In a towering performance, Liam Neeson plays Oskar Schindler (Liam Neeson), an opportunistic businessman who, following the invasion of Poland by the Nazis, buys a bankrupt enamelware company and staffs it with Jews from a neighbouring concentration camp. Initially motivated purely by financial reasons, Schindler employs Jewish accountant Itzhak Stern (Ben Kingsley) because he has contacts with wealthy Jews whom he can exploit in order to secure the funds he needs to finance his plans for his newly-acquired factory.

While Schindler is never portrayed as an out-and-out villain, there is no doubt that he is a man who believes that, when it comes to life under the Nazis, it’s strictly every man for himself. To highlight the incongruity of this self-serving attitude, Spielberg contrasts Schindler’s increasing prosperity with the declining fortunes of a handful of Jews. This contraposition comes into stark relief when we see an evicted Jewish couple in whose plush apartment Schindler has just installed himself, moving into a squalid, overcrowded apartment block in the Krakow ghetto.
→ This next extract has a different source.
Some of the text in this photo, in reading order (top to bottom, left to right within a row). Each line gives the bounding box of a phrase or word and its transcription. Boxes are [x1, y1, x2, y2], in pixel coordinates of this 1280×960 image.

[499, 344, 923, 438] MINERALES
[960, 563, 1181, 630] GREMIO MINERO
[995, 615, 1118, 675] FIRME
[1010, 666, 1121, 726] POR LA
Even Schindler’s initial employment of Jews to man his factory is a result of economic considerations – ‘Poles cost more. Why should I hire Poles?’ – than humane ones.
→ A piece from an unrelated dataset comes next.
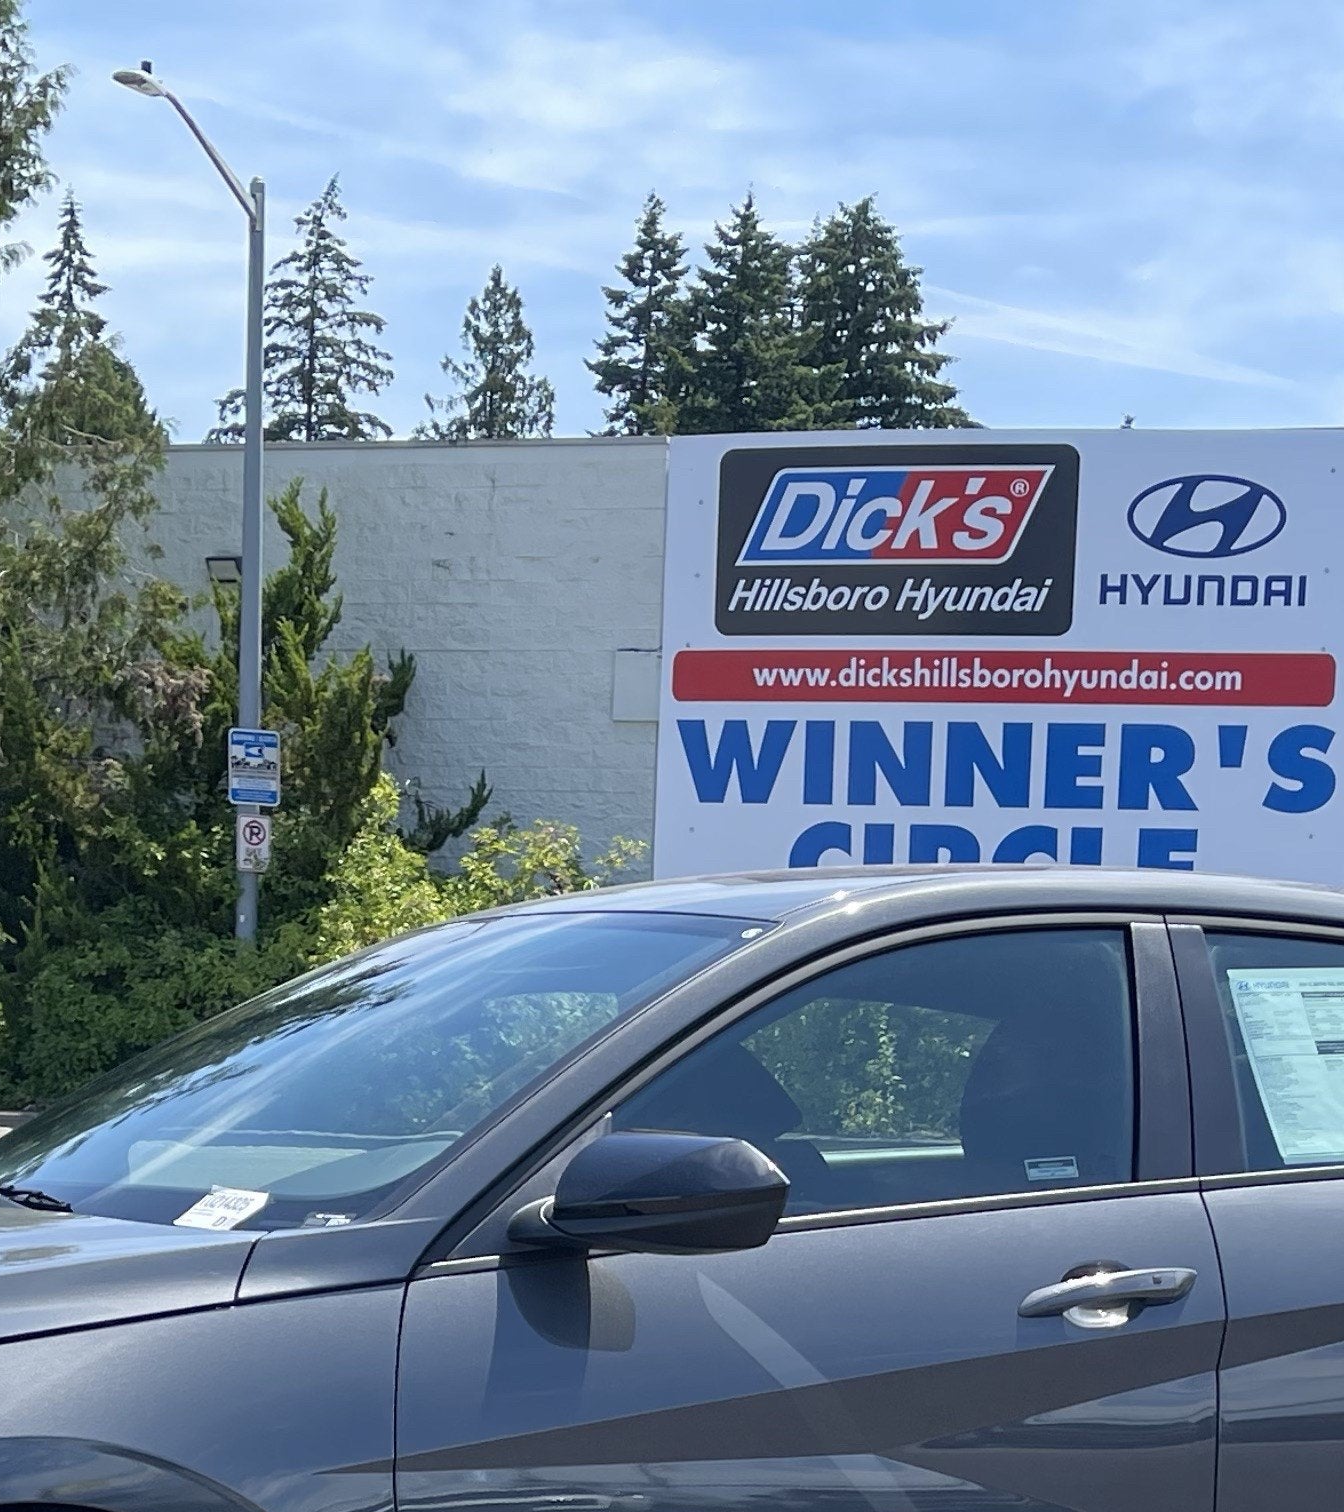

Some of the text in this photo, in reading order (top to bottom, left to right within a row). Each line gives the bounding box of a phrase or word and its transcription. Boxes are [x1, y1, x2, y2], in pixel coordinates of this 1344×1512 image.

Schindler is careful to cultivate mutually profitable relationships with a number of high-ranking German officers, one of whom is Amon Goeth (Ralph Fiennes), the commandant of Paszow concentration camp. One of the movie’s strengths is that it attempts to gain some understanding of the motivations of a character like Goeth, rather than taking the easy route of simply portraying him as an unthinking Nazi monster, and Fiennes is frighteningly convincing in his depiction of a deeply disturbed man who is all too aware of – and haunted by – his own shortcomings. While Schindler is able to become a better, stronger man because of the atrocities committed by the Nazis – ‘power is when we have every justification to kill, and we don‘t.’ he informs Goeth – the Nazi commandant is unable to responsibly adapt to the level of power over others his position has afforded him, as witnessed by his swiftly aborted attempt at becoming more judicious in his treatment of the camp inmates in the wake of his conversation with Schindler.

One day, while out riding, Schindler witnesses the liquidation of the Krakow ghettoes, one of the film’s most powerful and harrowing sequences. His attention is captured by a little girl in a red coat as she roams almost unseen amongst the carnage. This symbol of innocence – based upon the daughter of Dr. Martin Foldi, an Auschwitz survivor whose daughter was wearing a red coat when he last saw her – superbly humanises both the plight of the thousands of Jews murdered in the brutal evacuation, but the millions of Jews who became victims of the Holocaust. By creating this one unforgettable image Spielberg forces the viewer to identify with the horrific plight of the individual in the same way that Schindler does as he gazes down upon the carnage from a similarly remote and elevated position of safety.

Shocked out of his state of luxurious self-indulgence, and finally realising that by colluding with the Nazis he has played a part in the subjugation of the Jews, Schindler enlists the aid of Stern to employ as many of them from Goeth’s camp as he can in order to save them from the extermination camps. It’s an exercise that not only puts him in a position of extreme danger, but swallows up his entire fortune.

While Schindler’s List is ultimately an uplifting story, it’s also an incredibly harrowing and emotionally draining movie. Random killings are a way of life in the camp, and while an audience can only feel a fraction of the tension and fear that the real inmates would have been forced to endure, the perpetual anxiety that yet another human life is about to be wiped out for the most trivial of reasons is simply exhausting. Goeth is a monster, no doubt about it, but Spielberg gives him a human dimension that makes him a credible, believable monster; one that could pass you in the street unnoticed, and lead a blameless life under different circumstances.